2. OpenAI which has Elon Musk as one of the founders built GPT-3 model based on decoder from transformer architecture, has been able to produce human-like text by training on vast amount of natural language text.

3. DeepMinds AlphaFold model has solved the 50 year old grand challenge in biology called protein folding problem in what has been called a major breakthrough moment. Many major implications for drug design and environmental sustainability has been envisaged. This article illustrates the recent miracle.

Follow this article for other major developments from 2010 to 2019 — article

AI Bubble/Upcoming AI winter or Artificial General Intelligence(AGI)

After all this buzz, funding and some major breakthroughs sometimes it begs the question that whether we are in a AI bubble or is AI, The one?

Many business reviews claim that we are definitely in a AI bubble, but the bubble is more similar to the dot com bubble rather than the housing bubble and the effects of bursting the bubble wouldn’t wreak havoc.

A still from the movie WALL-E (2008). Source: movies.disney.com

The AI winter was a period of reduced interest and funding in artificial intelligence research. The term was coined in 1984. There were Two major winters from 1974– 1980 and 1987 to 1993 and several smaller episodes later. But with recent developments and amount of money being poured into the field we can only speculate how the world will be in another 10 years.

Artificial General Intelligence refers to a all powerful computer system which can complete all the task a normal human would be able to do. Although at this point we can only speculate it definitley seems some time away from happening. There has been research going on to derive models based on mimicking of human brain.
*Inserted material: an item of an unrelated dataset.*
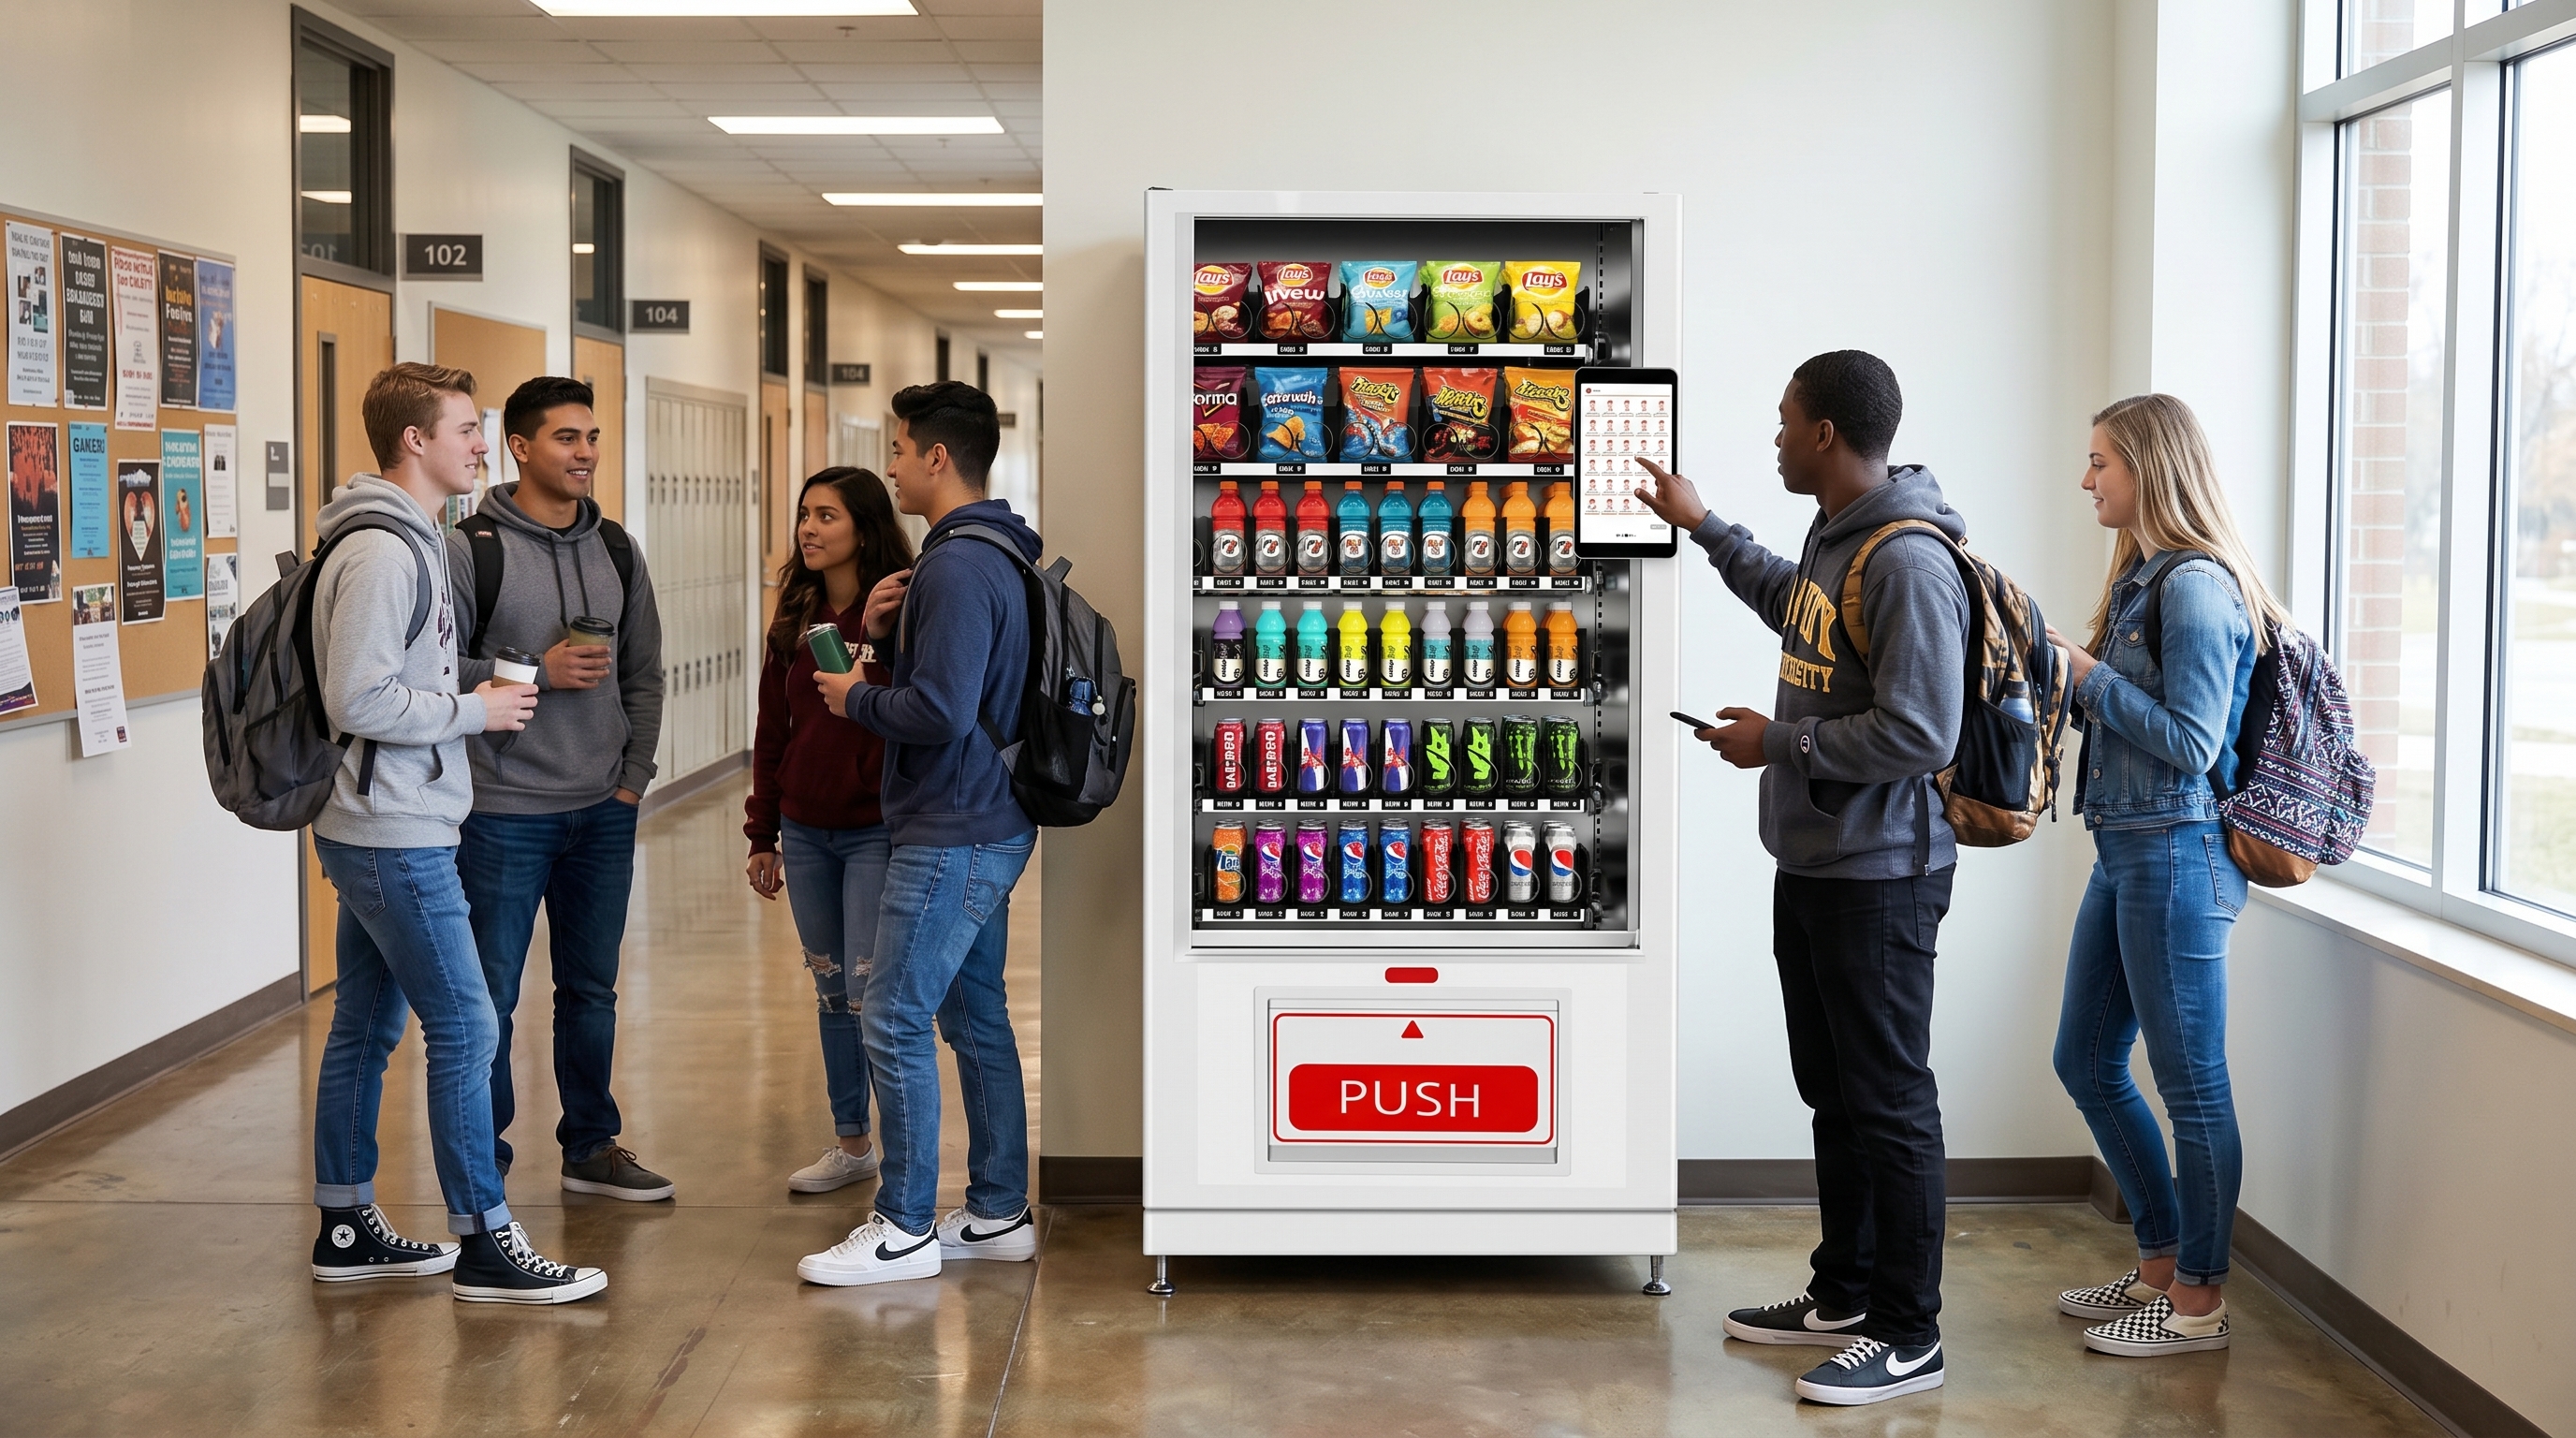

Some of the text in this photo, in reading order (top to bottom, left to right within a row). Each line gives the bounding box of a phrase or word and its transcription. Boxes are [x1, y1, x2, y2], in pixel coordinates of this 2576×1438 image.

Considering the first iPhone was released in the year 2007 followed by other market competitors in the subsequent years. How it has only been 13 years since then and how so much has been developed ranging from voice assistants to self driving cars and augmented realities. The only thing more astonishing is the how humans are adapting to change so quickly.

Note:

This is more of a literature review of the various articles on the internet majorly from medium based on how I have developed my understanding of the subject. Most of the thoughts here are not mine. This is my journey into the bright, vast, probabilistic and promising world of artificial intelligence in general.
I plan to edit and write this again and again as I gain a better holistic approach and a good understanding of the entire subject that is evolving at a rapid pace, which I do not at this point. So I will write it to my understanding now only to be updated as I learn more.
Any constructive criticism is appreciated.